Clara intentaba concentrarse, pero cada músculo de su cuerpo estaba rígido de tensión. Cuando le tocó entrenar, fue Aedan quien se acercó a ella. Llevaba una camisa de lino ajustada, ligeramente abierta en el cuello, y sus ojos grises parecían más intensos que nunca bajo la luz que caía desde lo alto.
—Entrenarás conmigo hoy —dijo con voz firme.
Clara tragó saliva. Algo en su tono la desarmaba; era autoritario, pero había un matiz velado, como si en realidad quisiera protegerla.

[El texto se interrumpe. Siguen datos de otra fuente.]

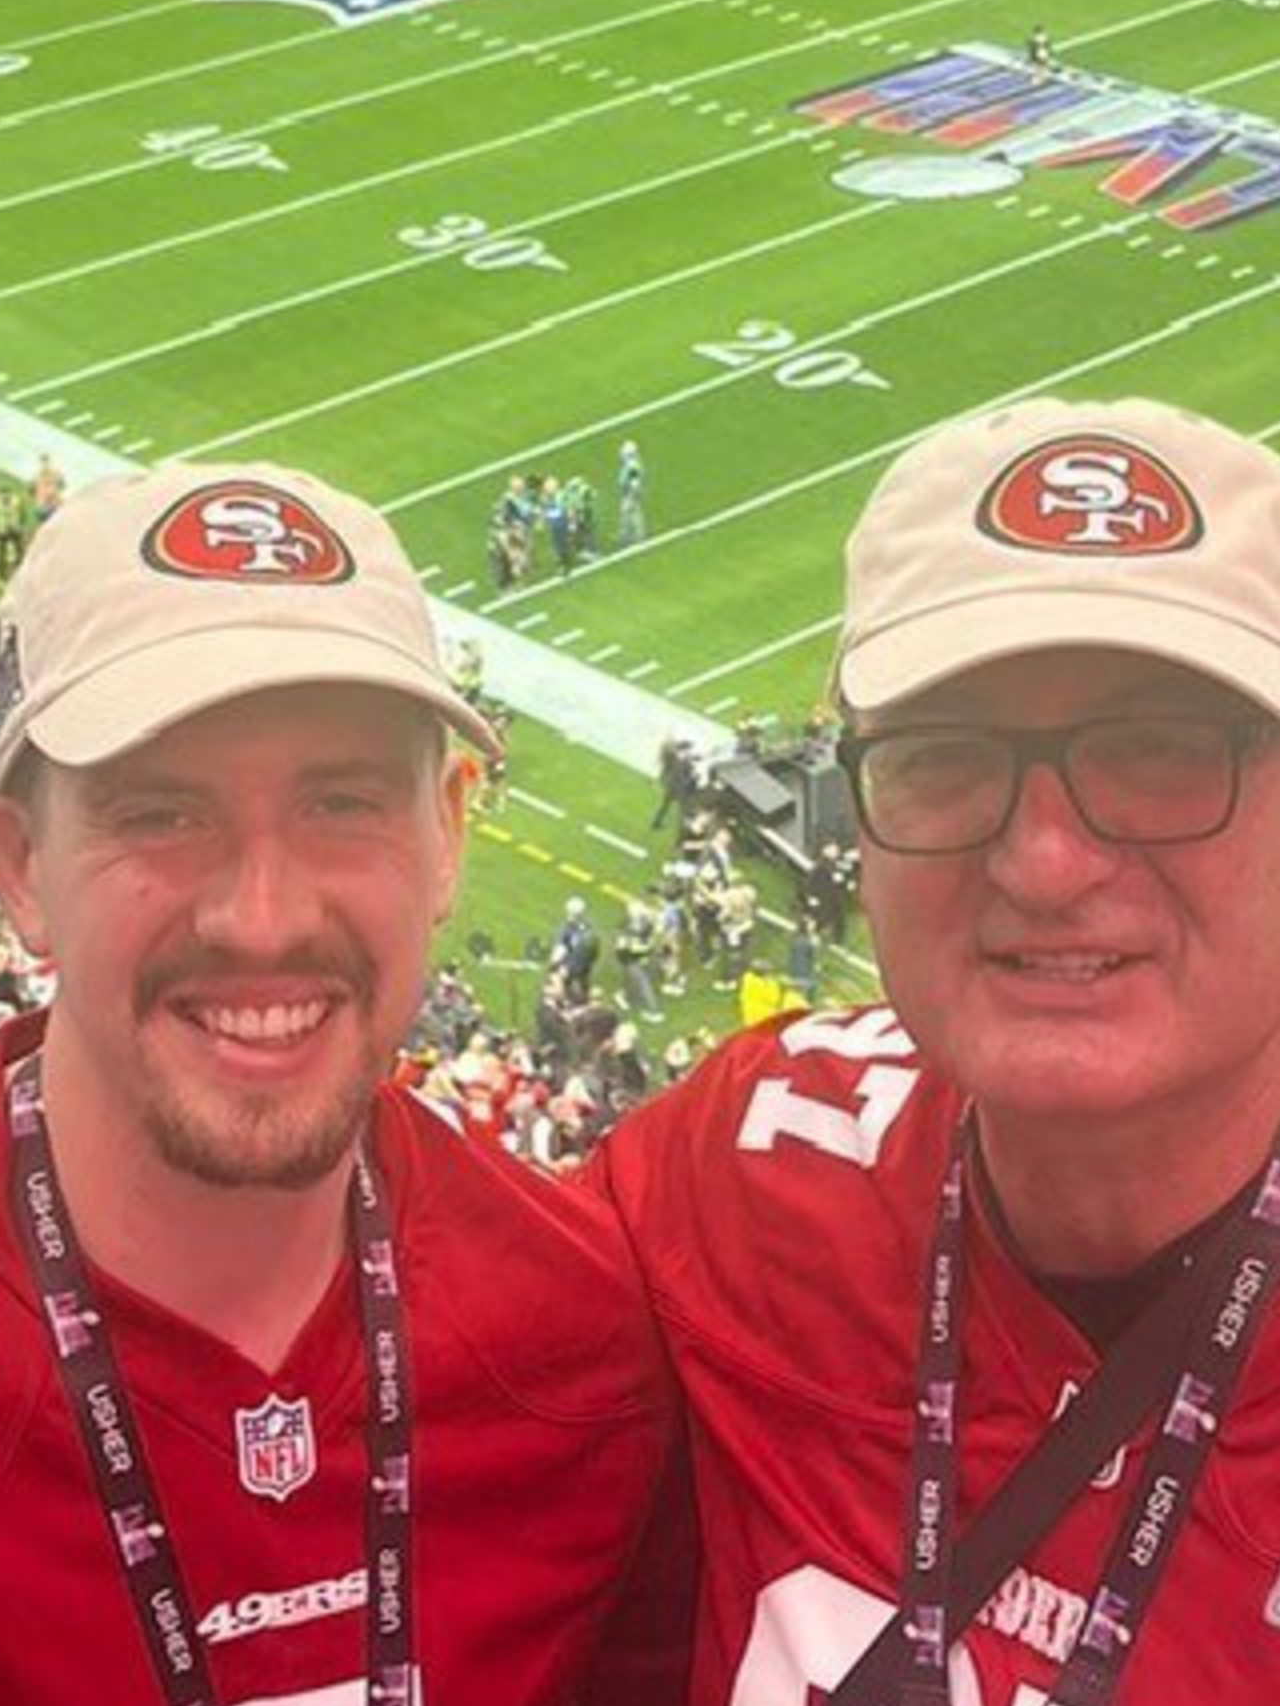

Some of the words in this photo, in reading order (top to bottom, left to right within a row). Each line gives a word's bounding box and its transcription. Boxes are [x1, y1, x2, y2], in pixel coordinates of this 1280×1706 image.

[692, 319, 860, 389] 20
[25, 1170, 65, 1261] USHER
[931, 1254, 953, 1344] USHER
[1212, 1257, 1266, 1349] USHER
[374, 1330, 400, 1424] USHER
[86, 1382, 134, 1476] USHER
[253, 1438, 303, 1479] NFL
[916, 1478, 941, 1570] USHER
[1133, 1475, 1181, 1567] USHER
[150, 1588, 194, 1675] USHER
[377, 1548, 402, 1634] USHER

El ejercicio consistía en empujar y repeler corrientes de aire, intentando desestabilizar al otro sin perder el equilibrio. Al principio, Clara se defendía con torpeza, movida más por la presión de tenerlo frente a ella que por la técnica en sí. Cada vez que él avanzaba un paso, ella retrocedía dos.
—No huyas —le susurró Aedan cuando un golpe de viento la hizo trastabillar.
El murmullo de su voz, tan cerca de su oído, la hizo perder el control por un segundo. Una ráfaga de aire salió de sus manos, pero él la esquivó con facilidad. Entonces, en un movimiento rápido, Aedan giró detrás de ella y la rodeó con el brazo, inmovilizándola. Sus cuerpos quedaron demasiado próximos, su respiración rozándole la nuca.
Clara sintió un calor extraño recorrerle la piel, distinto a cualquier cosa que hubiera experimentado antes.
—Concéntrate —murmuró él, aunque la firmeza de su tono contrastaba con la tensión en su mandíbula.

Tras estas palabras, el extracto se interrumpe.